A tall order to sell such a deal in the street, when you think about it. I’ve often watched them work, working to a script which is fairly standard in high pressure sales:
• open dialogue at all costs – obstruct with your body, raise your arms, offer a handshake, remark on unusual clothing, do something ridiculous to attract attention, etc.
• hand something over as soon as possible – information, a clipboard, a brochure etc. – which both prevents people leaving and facilitates asking for something in return later
• make dialogue easy – present a list of funding areas from which to choose the most important area for funding, for instance
• keep things moving – be personable but not personal… unless you think shamelessly flirting will help, of course
• provide a positive script with leading questions – “Do you think we should be doing more to save the environment?” “Yes!” “And people in general could do more to help the environment around them?” “Yes!” etc.

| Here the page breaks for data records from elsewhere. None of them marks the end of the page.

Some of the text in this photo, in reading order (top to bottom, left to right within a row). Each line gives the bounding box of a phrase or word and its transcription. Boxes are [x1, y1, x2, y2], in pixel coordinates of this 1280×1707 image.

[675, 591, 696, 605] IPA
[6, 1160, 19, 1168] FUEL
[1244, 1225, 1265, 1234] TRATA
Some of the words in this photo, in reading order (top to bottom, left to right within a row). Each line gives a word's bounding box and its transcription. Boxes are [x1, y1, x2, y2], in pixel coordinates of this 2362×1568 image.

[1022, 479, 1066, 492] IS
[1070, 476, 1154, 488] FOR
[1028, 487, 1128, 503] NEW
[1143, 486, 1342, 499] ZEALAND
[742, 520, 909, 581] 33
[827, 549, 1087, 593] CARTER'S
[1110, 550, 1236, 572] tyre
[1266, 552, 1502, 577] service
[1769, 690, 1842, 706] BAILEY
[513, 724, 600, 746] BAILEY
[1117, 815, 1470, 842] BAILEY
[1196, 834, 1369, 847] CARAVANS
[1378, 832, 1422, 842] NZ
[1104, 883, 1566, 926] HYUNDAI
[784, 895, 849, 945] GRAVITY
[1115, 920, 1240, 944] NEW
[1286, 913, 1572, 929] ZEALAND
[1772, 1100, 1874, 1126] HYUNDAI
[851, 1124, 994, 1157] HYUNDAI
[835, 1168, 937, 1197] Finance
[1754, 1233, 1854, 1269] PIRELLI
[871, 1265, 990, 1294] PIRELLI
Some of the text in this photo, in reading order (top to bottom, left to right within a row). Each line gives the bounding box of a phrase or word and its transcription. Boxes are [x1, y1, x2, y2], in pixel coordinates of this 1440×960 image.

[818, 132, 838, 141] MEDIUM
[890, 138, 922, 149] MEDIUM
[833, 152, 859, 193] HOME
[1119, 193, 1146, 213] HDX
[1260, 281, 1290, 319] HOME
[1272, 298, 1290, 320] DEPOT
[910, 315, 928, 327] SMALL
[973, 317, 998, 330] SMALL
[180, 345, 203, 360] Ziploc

• close presumptively – make the assumption that someone is going to pay slightly before they actually say yes… for instance, say “would you like to pay by direct debit or credit card?”
Sound rather familiar? Probably.
If it sounds like a bloodless and cynical process, that’s because it is. Your friendly collectors do not actually work for the charity they’re collecting for. They work for a collection agency, a company engaged by that charity to collect money on their behalf.
Now bloodless it may be, but when it comes to ensuring donations, it’s both effective and reliable.
Charities are all too aware that a collection organisation will provide them with a fairly consistent return on investment as a certain amount of people will sign up per dollar paid to the collection agency, and those people will have a certain drop-off rate over time – many people simply forget all about their charitable contributions, with direct debit payments going in and out of their accounts all the time.
This structure allows something as capricious as charitable donations to be accounted for, planned, and regulated. Charities are also aware, of course, that the current economic climate isn’t ideal for relying on people’s largesse.
What everyone else is primarily aware of is that these interactions have all the nicety of pulling teeth with a Stilson wrench. Businesses, in my experience, loathe the presence of our charasitic friends.
Have you ever noticed how charasites are always on the same pitches – public property, but a certain distance from any commercial business? They have to be. The last thing any business with street frontage wants is decreased foot traffic, or their shop only being passed by awkward, distracted people.
For the simple fact remains that charasitism makes people deeply, profoundly uncomfortable. It’s quite extraordinary, when you think about it: people feel like they are being forced to deny the existence of a cheery and pleasant young person who just wants to talk to them.
In any other environment, this would be severely anti-social. And watching charasites collect, it’s obvious just how much the process twists people into knots. Regardless of the fact that passersby are always perfectly free to say no and continue about their day, I think a lot of people feel genuinely pressured by the charasitic experience.
Science goes some way toward telling us why, as adult human beings feel a genuine significance around social rejection. I’m at least partly convinced that the deep sense of discomfort you feel just before you know you’re going to have to ignore another chirpy young cipher asking for your money is part of our evolutionary heritage, where social rejection is a virtual death sentence.
I’ve watched people change their route, cross the street, check their phones obsessively, and more – just to avoid having to tell a stranger “no”.
It can’t be much better on the other side of the charasitic fence. I’d love access to a group of charasites to test this theory on – I’d hazard a guess that they find being completely ignored even more distressing than being told to go to hell.
All in all, I can’t but help think that a charity who would disavow this kind of collection might generate themselves a lot of favourable publicity. Relying on guilt and social pressure to start donations, and apathy to continue them, hardly seems… well, charitable.